▶ _What to produce_: Produce a verbatim copy of the following records, leaving out all pictures.

(Free-text object descriptions)
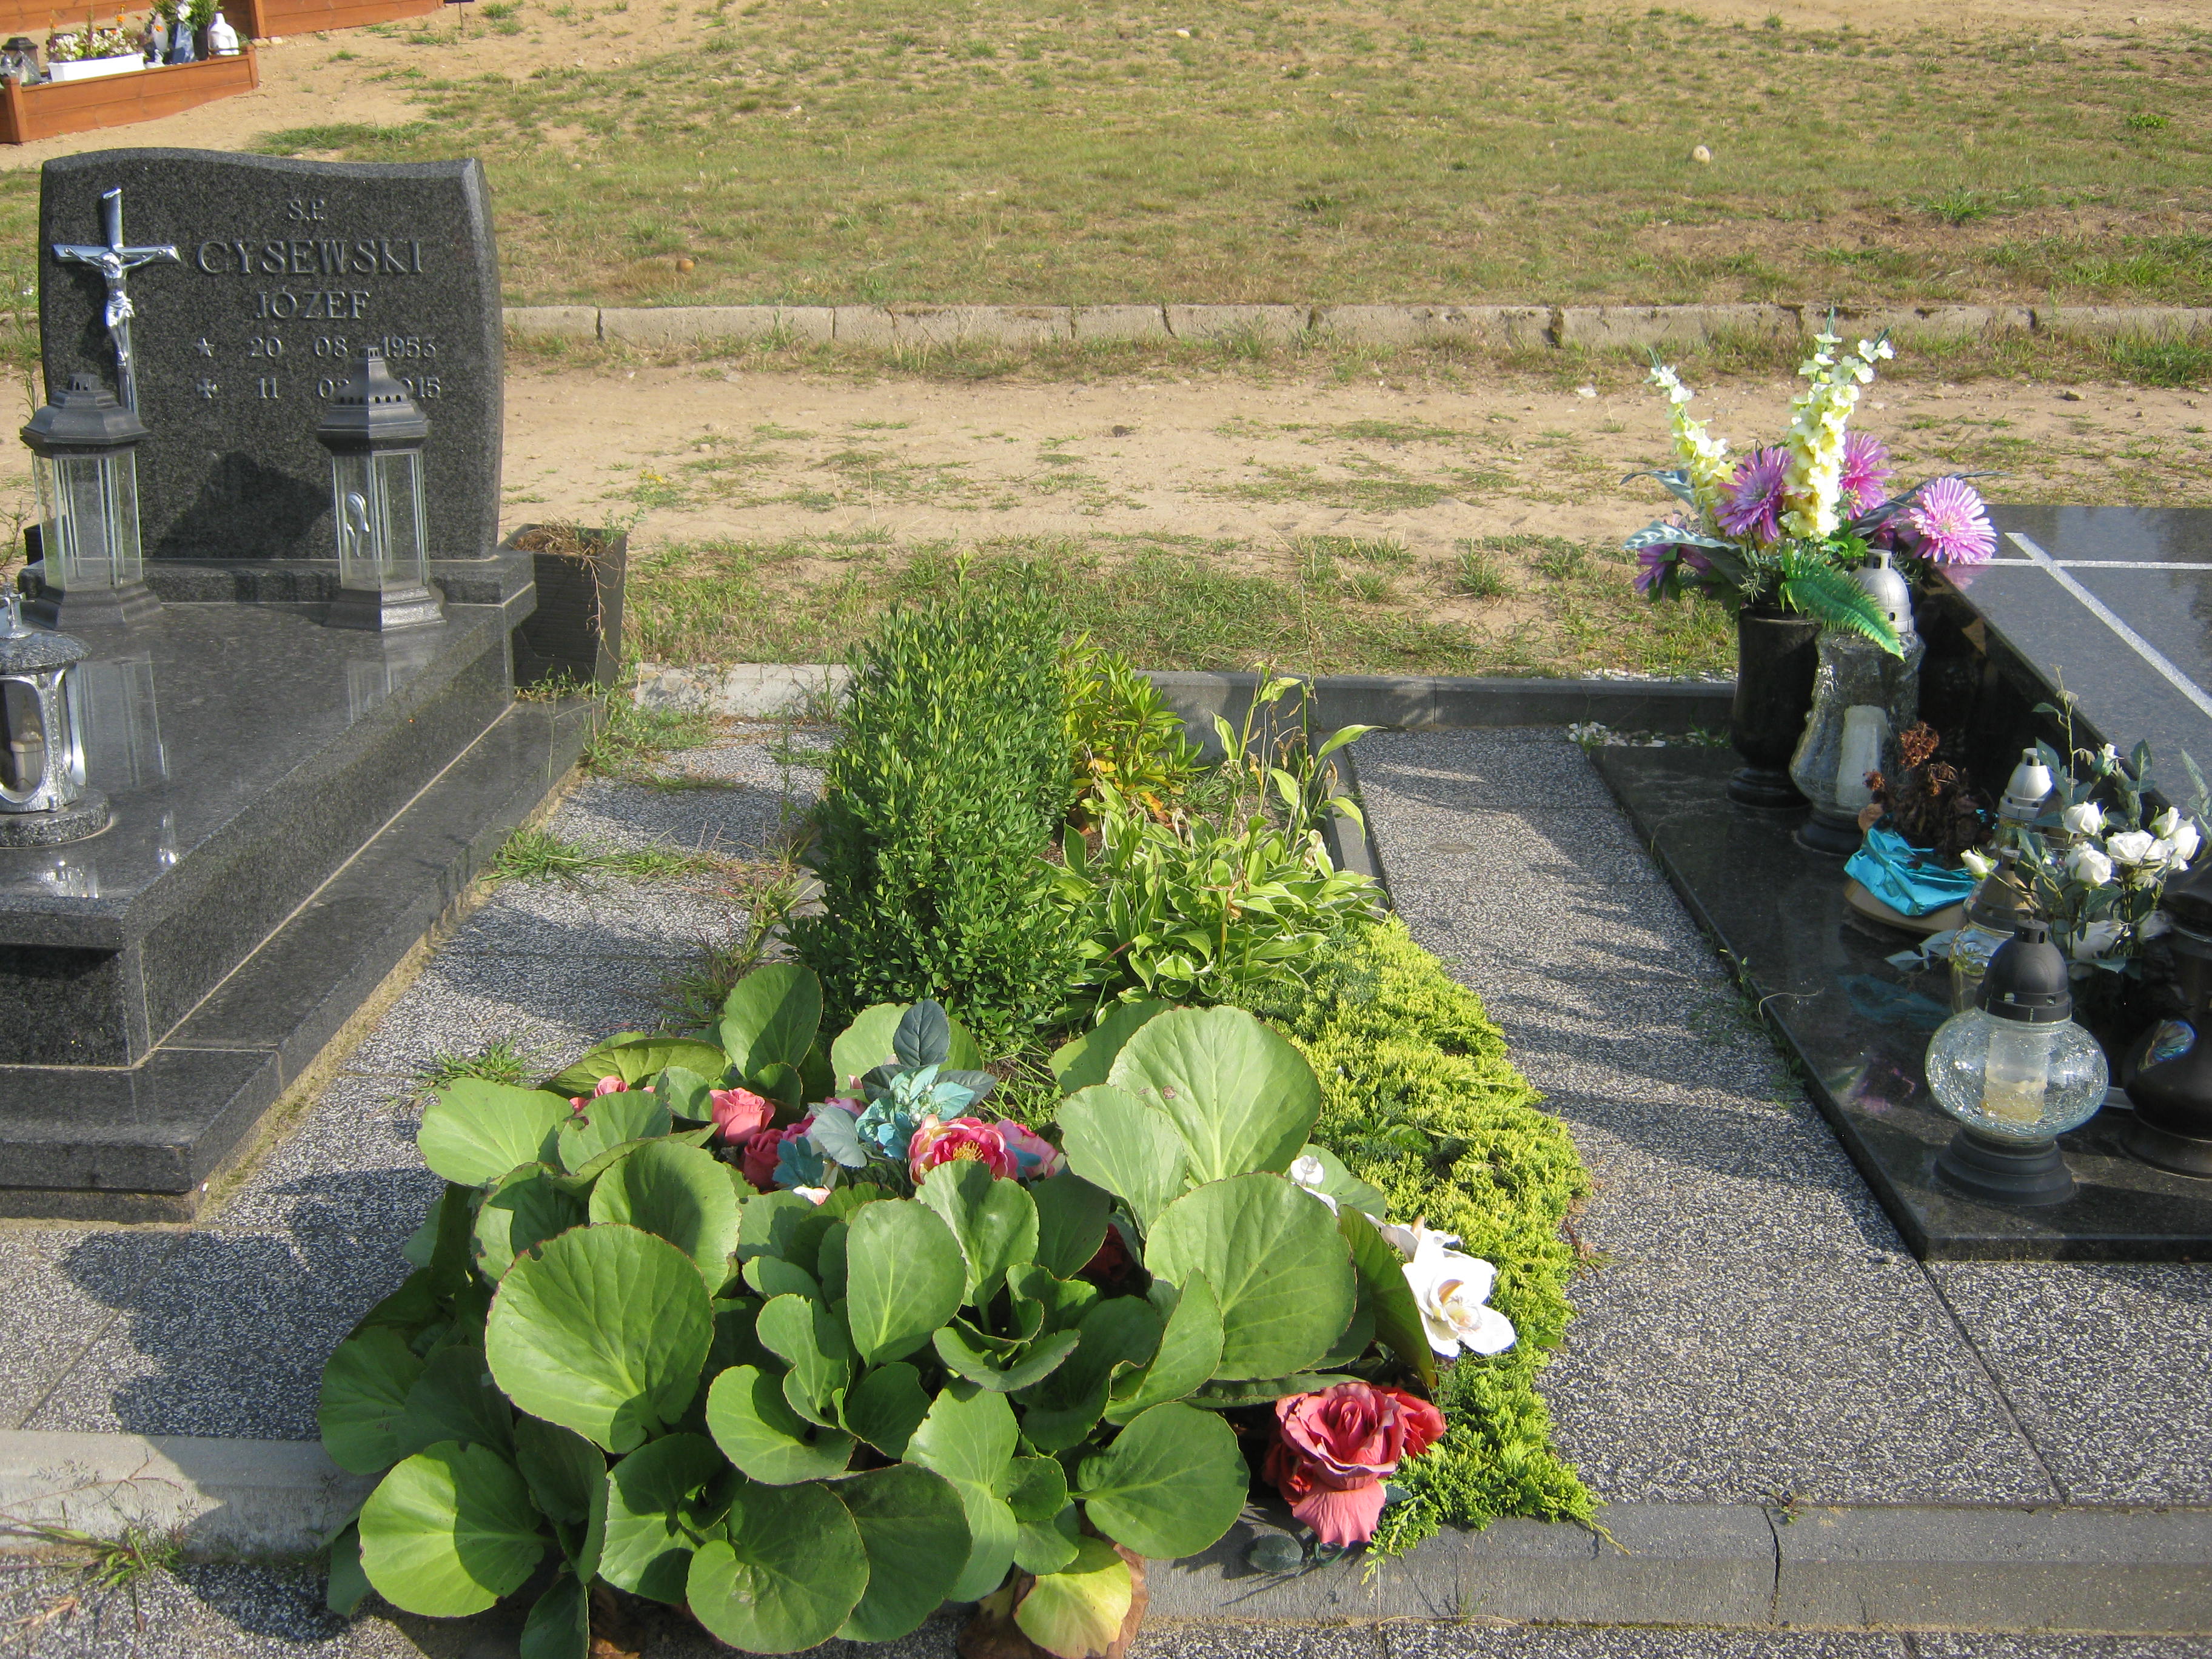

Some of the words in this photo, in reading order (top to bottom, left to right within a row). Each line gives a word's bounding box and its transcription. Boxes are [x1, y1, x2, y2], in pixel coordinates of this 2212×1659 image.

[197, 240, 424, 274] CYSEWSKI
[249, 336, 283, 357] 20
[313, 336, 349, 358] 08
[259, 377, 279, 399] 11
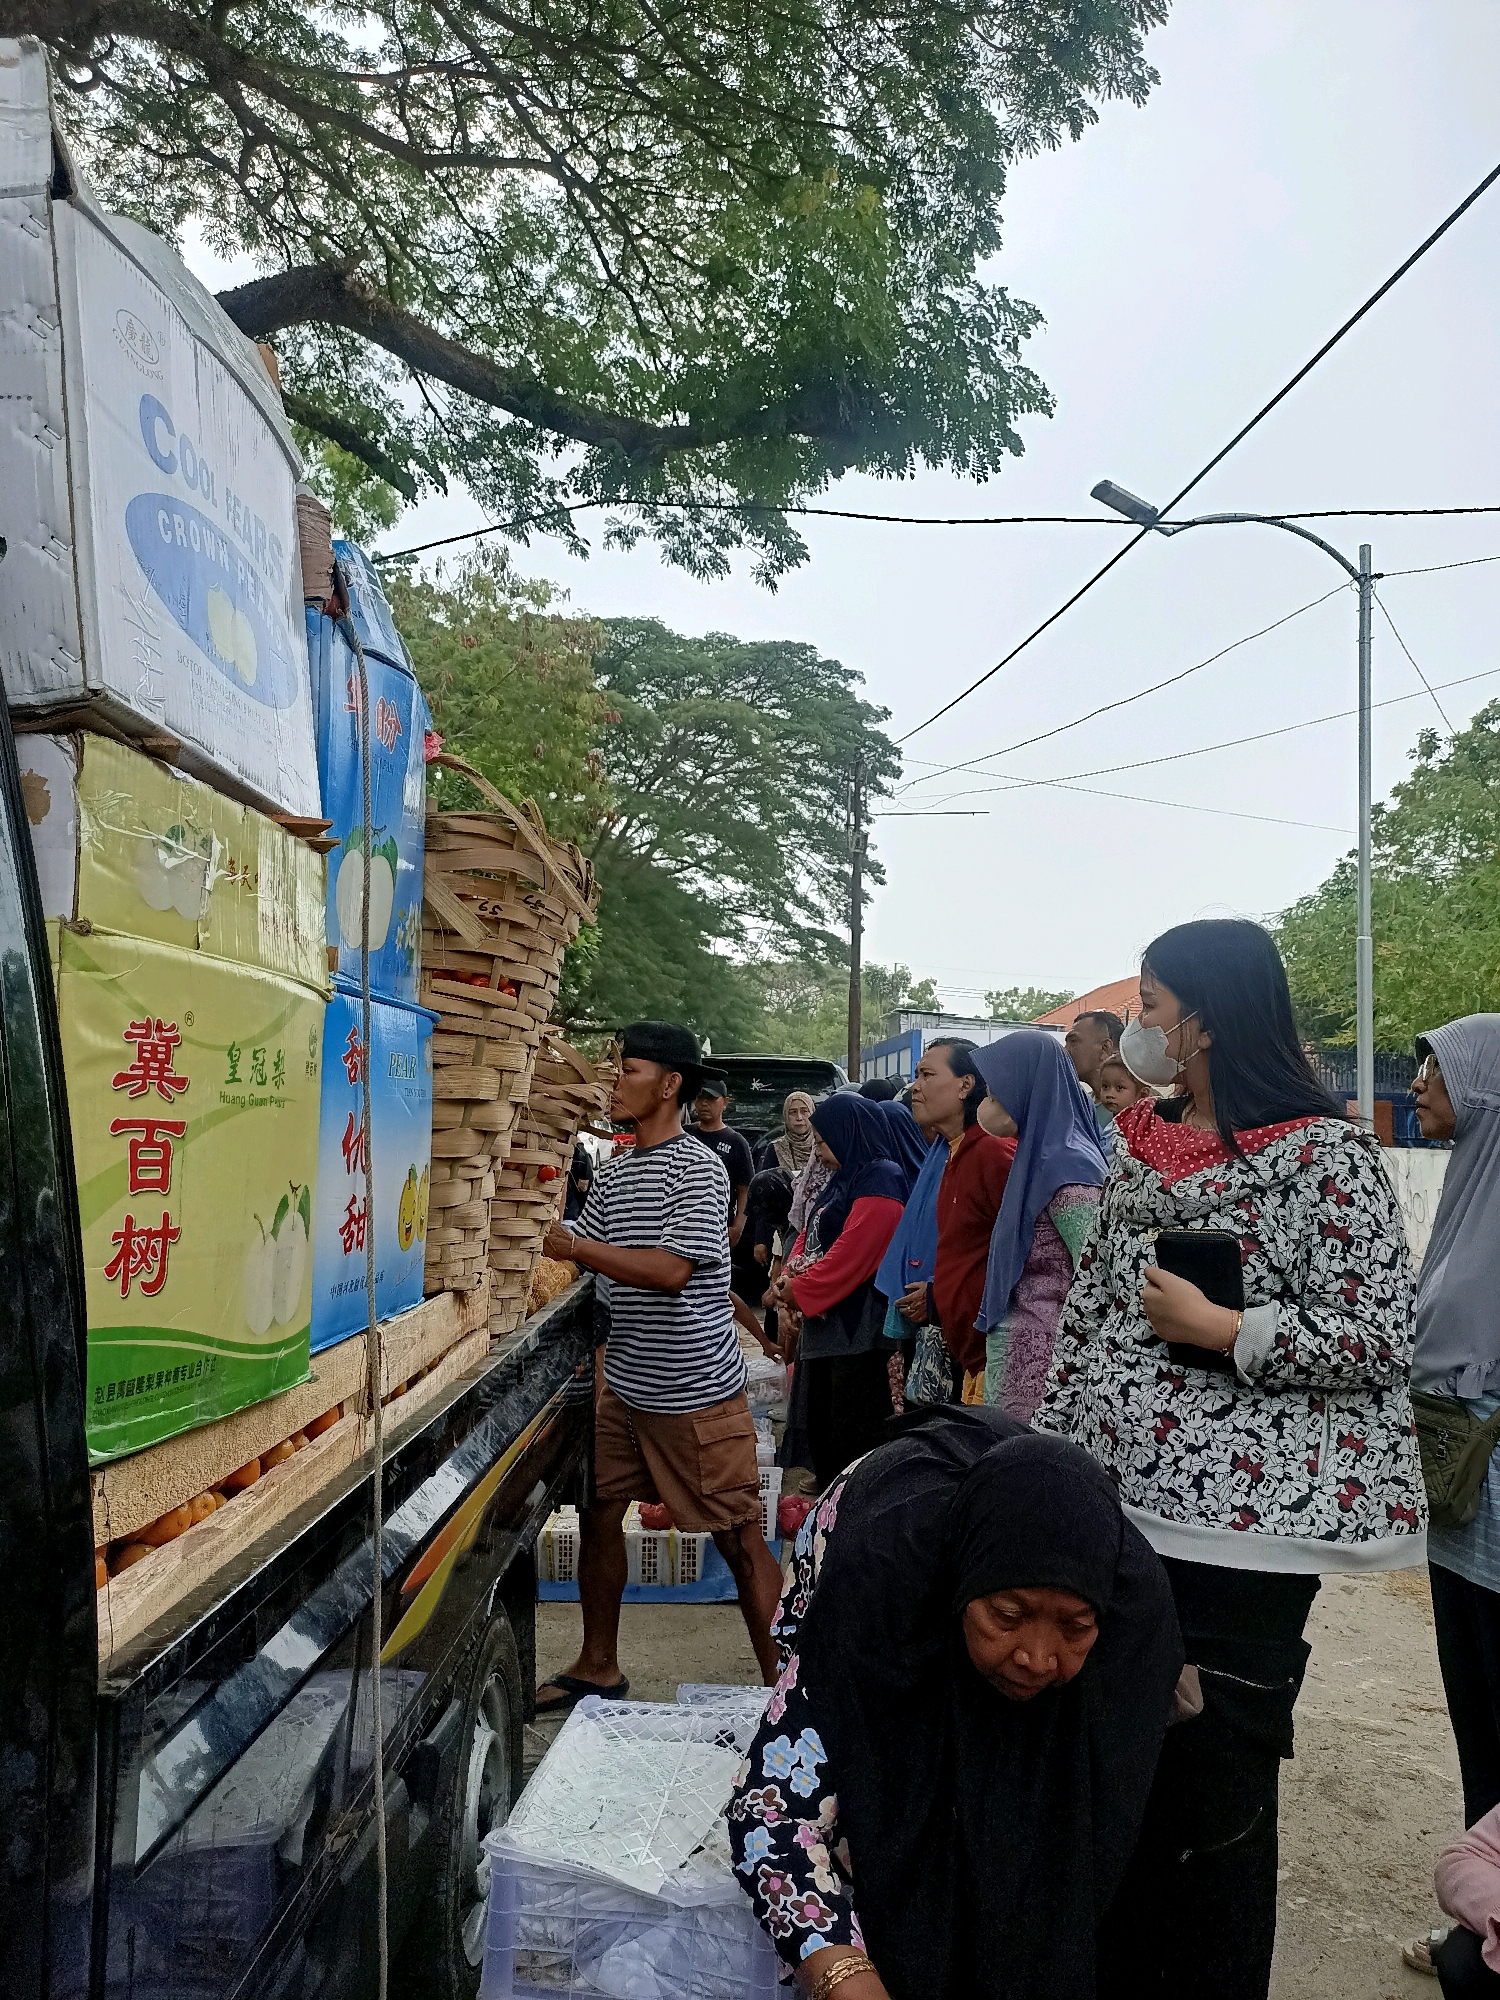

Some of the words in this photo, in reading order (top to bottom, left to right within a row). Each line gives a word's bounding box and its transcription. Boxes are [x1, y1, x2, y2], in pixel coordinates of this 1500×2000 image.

▶ _Output for this task_:
Some of the words in this photo, in reading order (top to bottom, left to right within a row). Each line gives a word's bounding box and its transcription. Boxes are [x1, y1, x2, y2], in pixel coordinates of this 2212×1659 image.

[197, 240, 424, 274] CYSEWSKI
[249, 336, 283, 357] 20
[313, 336, 349, 358] 08
[259, 377, 279, 399] 11

Some of the words in this photo, in reading order (top to bottom, left to right within a row). Each line gives a word's bounding box and its transcription. Boxes are [x1, y1, x2, y2], in pixel coordinates of this 1500×2000 image.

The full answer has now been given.